◆ **ACTION ITEM**: Please print each entry below exactly as it stands, but without any pictures.

┌────────

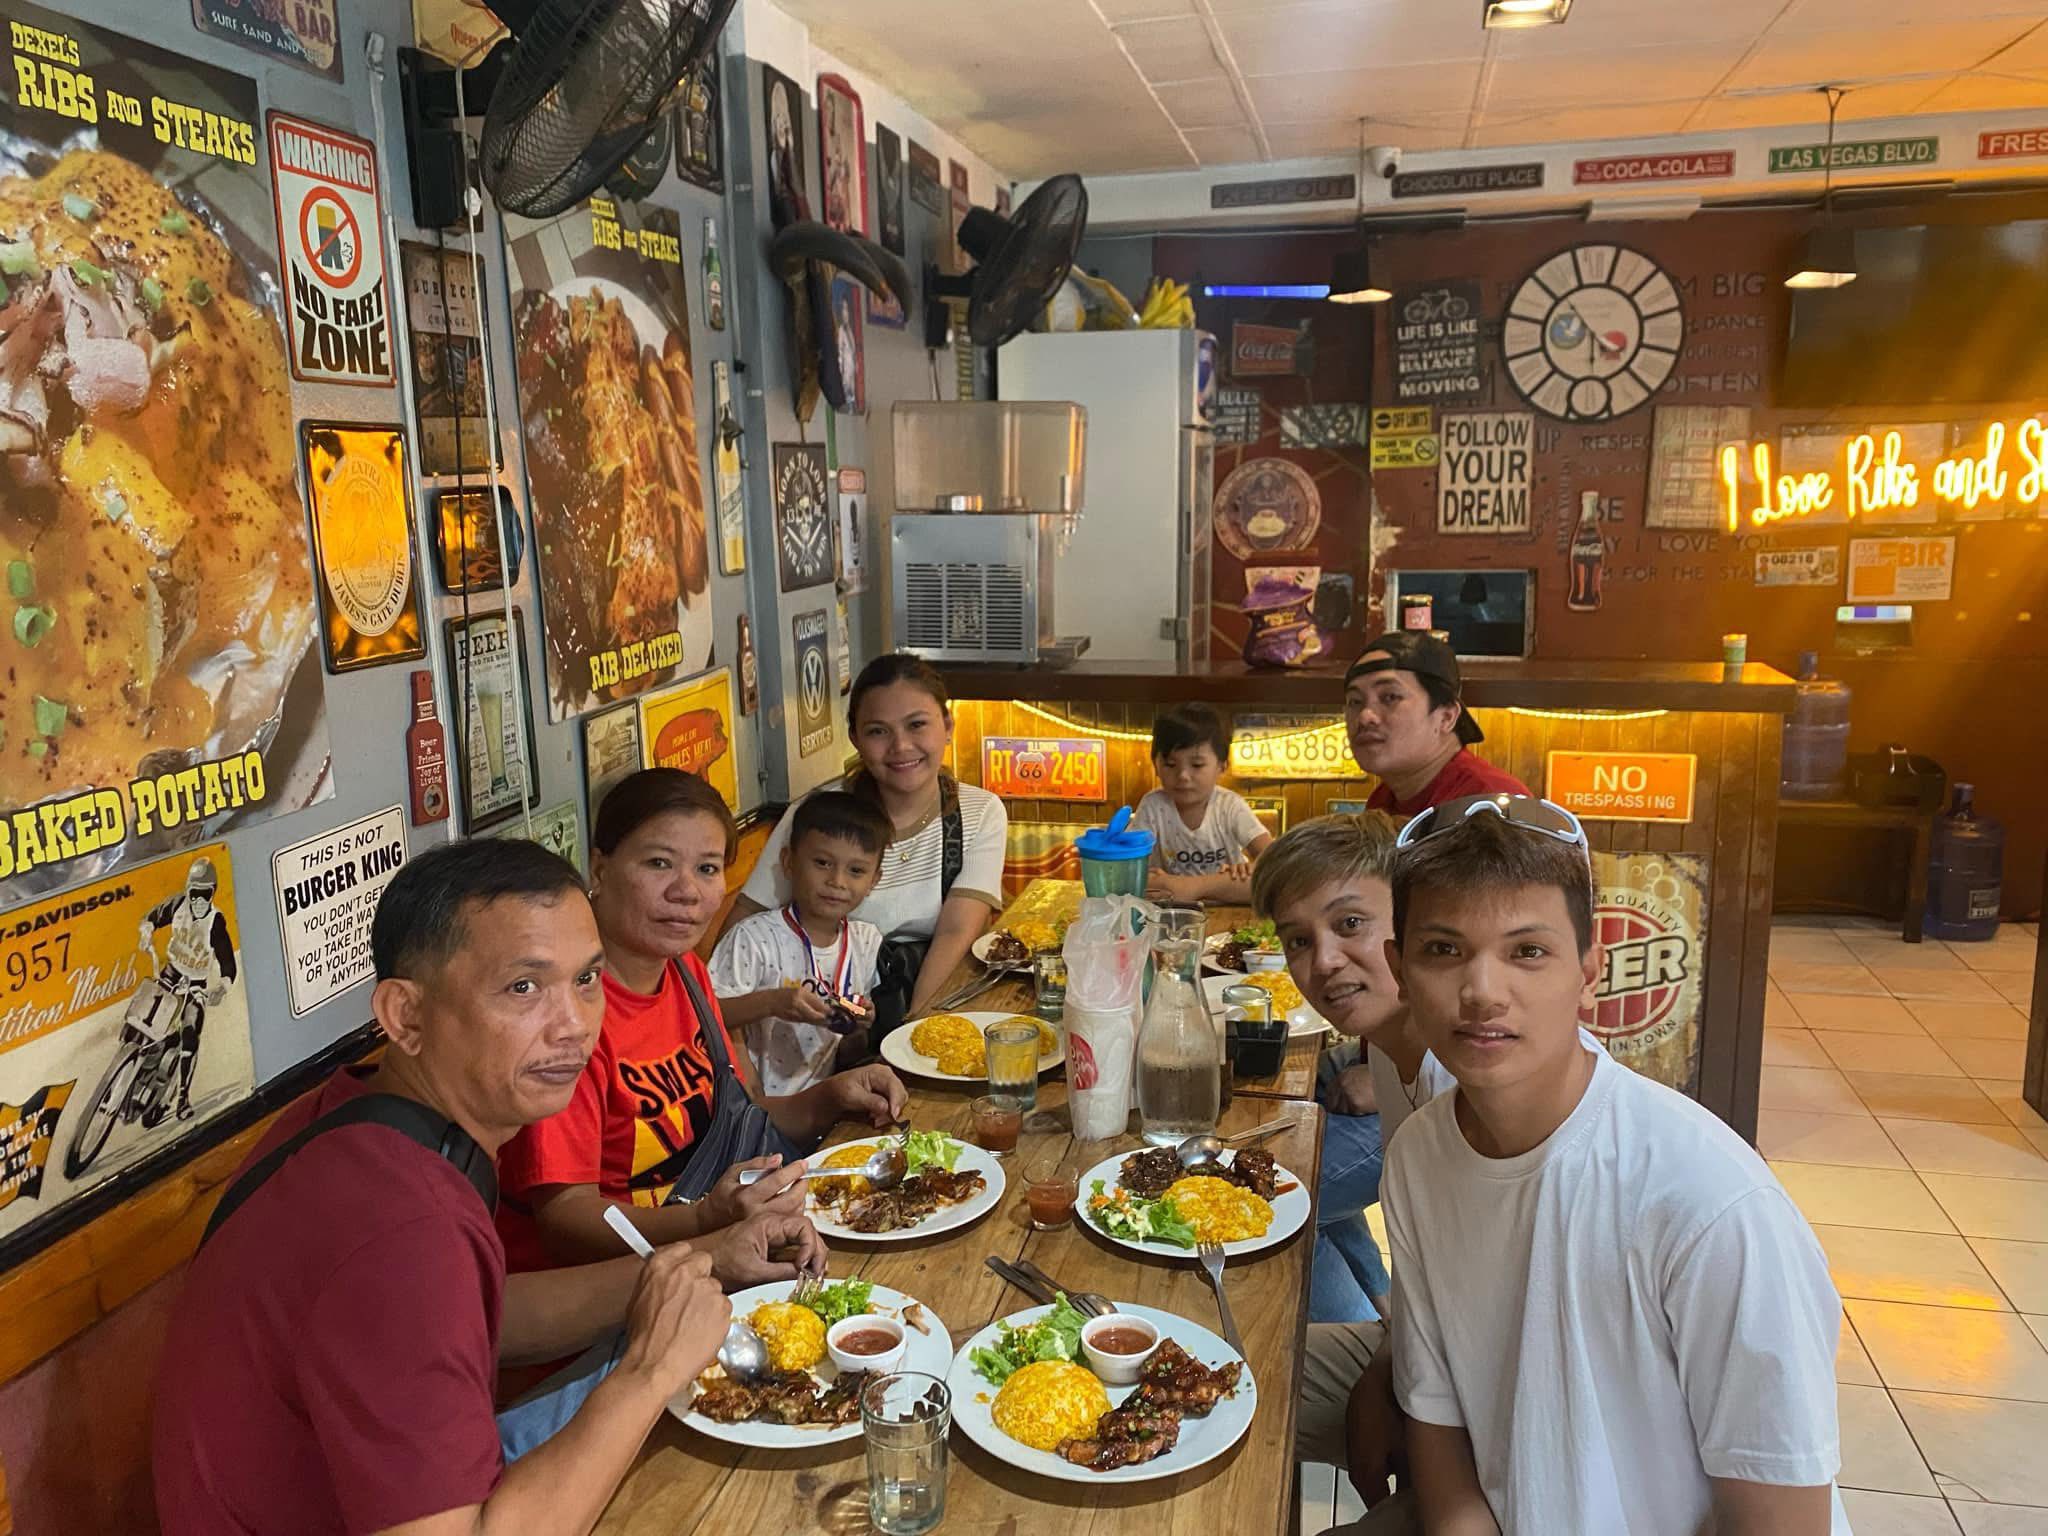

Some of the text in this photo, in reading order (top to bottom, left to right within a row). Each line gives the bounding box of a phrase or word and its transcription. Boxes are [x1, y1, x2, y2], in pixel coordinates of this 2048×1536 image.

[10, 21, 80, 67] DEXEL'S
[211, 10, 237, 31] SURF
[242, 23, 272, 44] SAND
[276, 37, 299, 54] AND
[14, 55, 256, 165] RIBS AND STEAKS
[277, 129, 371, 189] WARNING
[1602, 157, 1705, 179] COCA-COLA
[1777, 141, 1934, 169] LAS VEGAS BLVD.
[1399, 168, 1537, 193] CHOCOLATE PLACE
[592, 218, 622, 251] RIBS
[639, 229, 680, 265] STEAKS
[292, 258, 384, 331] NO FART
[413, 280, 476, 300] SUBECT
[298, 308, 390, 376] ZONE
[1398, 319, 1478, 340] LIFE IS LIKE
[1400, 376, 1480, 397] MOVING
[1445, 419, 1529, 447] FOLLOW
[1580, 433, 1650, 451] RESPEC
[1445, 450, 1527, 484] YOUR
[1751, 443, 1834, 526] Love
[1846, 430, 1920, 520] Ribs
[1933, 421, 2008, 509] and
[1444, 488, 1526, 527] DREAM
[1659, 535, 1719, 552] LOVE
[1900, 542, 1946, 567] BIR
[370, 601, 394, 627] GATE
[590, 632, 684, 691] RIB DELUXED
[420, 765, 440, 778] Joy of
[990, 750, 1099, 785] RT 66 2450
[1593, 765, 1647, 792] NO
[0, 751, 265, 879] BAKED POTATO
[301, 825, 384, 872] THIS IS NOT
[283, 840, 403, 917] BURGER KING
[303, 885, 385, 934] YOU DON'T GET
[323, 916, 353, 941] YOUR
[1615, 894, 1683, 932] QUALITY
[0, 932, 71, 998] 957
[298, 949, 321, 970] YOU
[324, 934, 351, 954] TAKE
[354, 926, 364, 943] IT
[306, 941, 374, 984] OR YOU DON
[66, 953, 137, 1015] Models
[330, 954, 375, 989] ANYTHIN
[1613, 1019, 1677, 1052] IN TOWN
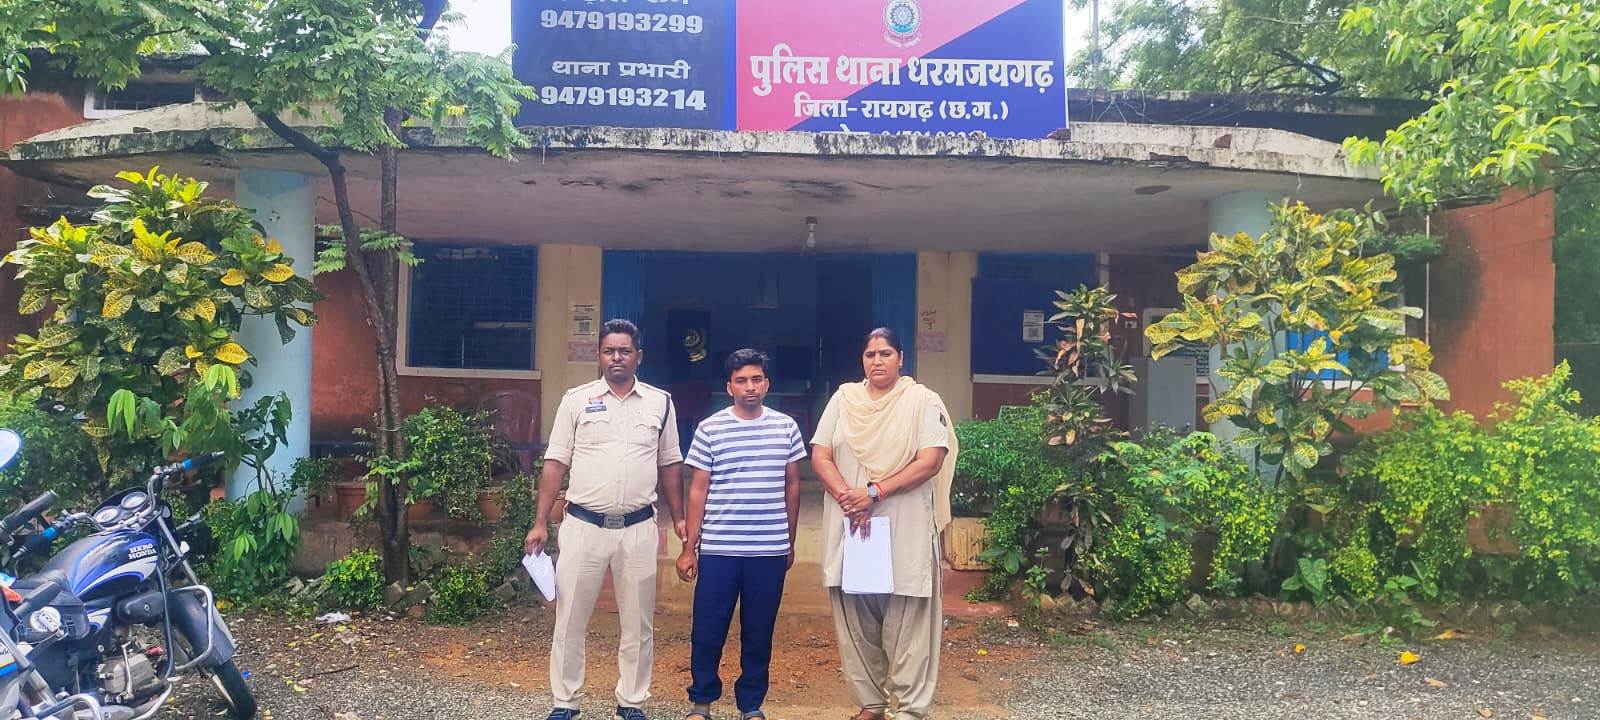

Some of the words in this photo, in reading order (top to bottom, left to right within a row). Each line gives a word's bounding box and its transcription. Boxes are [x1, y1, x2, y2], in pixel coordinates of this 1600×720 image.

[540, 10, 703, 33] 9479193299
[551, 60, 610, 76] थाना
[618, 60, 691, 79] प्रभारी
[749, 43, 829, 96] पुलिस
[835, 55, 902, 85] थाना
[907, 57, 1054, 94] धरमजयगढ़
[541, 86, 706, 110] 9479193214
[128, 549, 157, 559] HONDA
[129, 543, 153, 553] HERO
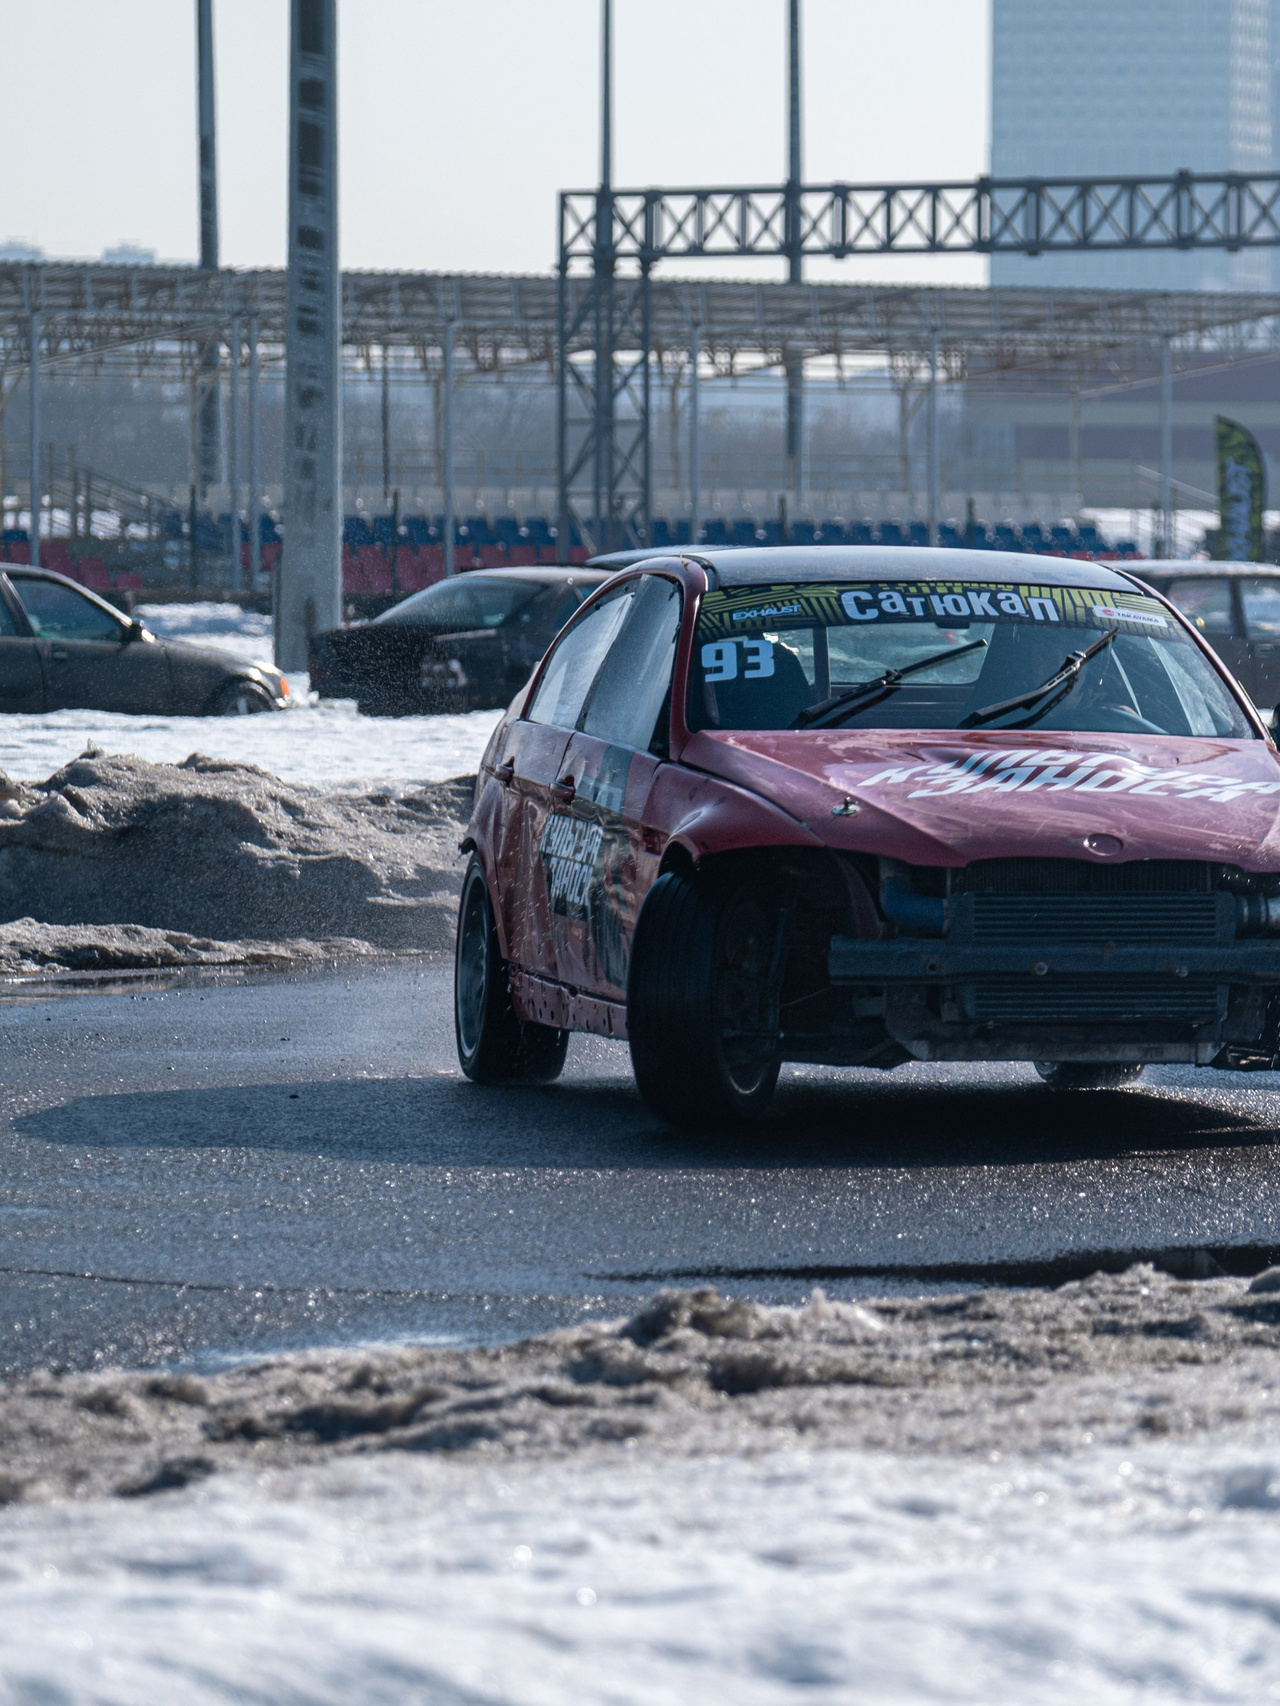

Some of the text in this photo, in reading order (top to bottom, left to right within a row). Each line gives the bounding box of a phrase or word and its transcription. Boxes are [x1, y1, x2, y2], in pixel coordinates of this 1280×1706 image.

└────────

◆ **WORKED SOLUTION**:
Some of the text in this photo, in reading order (top to bottom, left to right within a row). Each line gives the bounding box of a phrase or word and its transcription. Boxes are [x1, y1, x2, y2], in pixel coordinates of this 2048×1536 image.

[10, 21, 80, 67] DEXEL'S
[211, 10, 237, 31] SURF
[242, 23, 272, 44] SAND
[276, 37, 299, 54] AND
[14, 55, 256, 165] RIBS AND STEAKS
[277, 129, 371, 189] WARNING
[1602, 157, 1705, 179] COCA-COLA
[1777, 141, 1934, 169] LAS VEGAS BLVD.
[1399, 168, 1537, 193] CHOCOLATE PLACE
[592, 218, 622, 251] RIBS
[639, 229, 680, 265] STEAKS
[292, 258, 384, 331] NO FART
[413, 280, 476, 300] SUBECT
[298, 308, 390, 376] ZONE
[1398, 319, 1478, 340] LIFE IS LIKE
[1400, 376, 1480, 397] MOVING
[1445, 419, 1529, 447] FOLLOW
[1580, 433, 1650, 451] RESPEC
[1445, 450, 1527, 484] YOUR
[1751, 443, 1834, 526] Love
[1846, 430, 1920, 520] Ribs
[1933, 421, 2008, 509] and
[1444, 488, 1526, 527] DREAM
[1659, 535, 1719, 552] LOVE
[1900, 542, 1946, 567] BIR
[370, 601, 394, 627] GATE
[590, 632, 684, 691] RIB DELUXED
[420, 765, 440, 778] Joy of
[990, 750, 1099, 785] RT 66 2450
[1593, 765, 1647, 792] NO
[0, 751, 265, 879] BAKED POTATO
[301, 825, 384, 872] THIS IS NOT
[283, 840, 403, 917] BURGER KING
[303, 885, 385, 934] YOU DON'T GET
[323, 916, 353, 941] YOUR
[1615, 894, 1683, 932] QUALITY
[0, 932, 71, 998] 957
[298, 949, 321, 970] YOU
[324, 934, 351, 954] TAKE
[354, 926, 364, 943] IT
[306, 941, 374, 984] OR YOU DON
[66, 953, 137, 1015] Models
[330, 954, 375, 989] ANYTHIN
[1613, 1019, 1677, 1052] IN TOWN

Some of the words in this photo, in reading order (top to bottom, left to right within a row). Each line gives a word's bounding box and its transcription. Boxes are [x1, y1, x2, y2], in pixel coordinates of this 1600×720 image.

[540, 10, 703, 33] 9479193299
[551, 60, 610, 76] थाना
[618, 60, 691, 79] प्रभारी
[749, 43, 829, 96] पुलिस
[835, 55, 902, 85] थाना
[907, 57, 1054, 94] धरमजयगढ़
[541, 86, 706, 110] 9479193214
[128, 549, 157, 559] HONDA
[129, 543, 153, 553] HERO

Some of the text in this photo, in reading order (top to bottom, left to right within a row). Each line gives the bounding box of a phrase or word and its transcription. Boxes are [x1, y1, x2, y2], in pixel coordinates of this 1280×1706 image.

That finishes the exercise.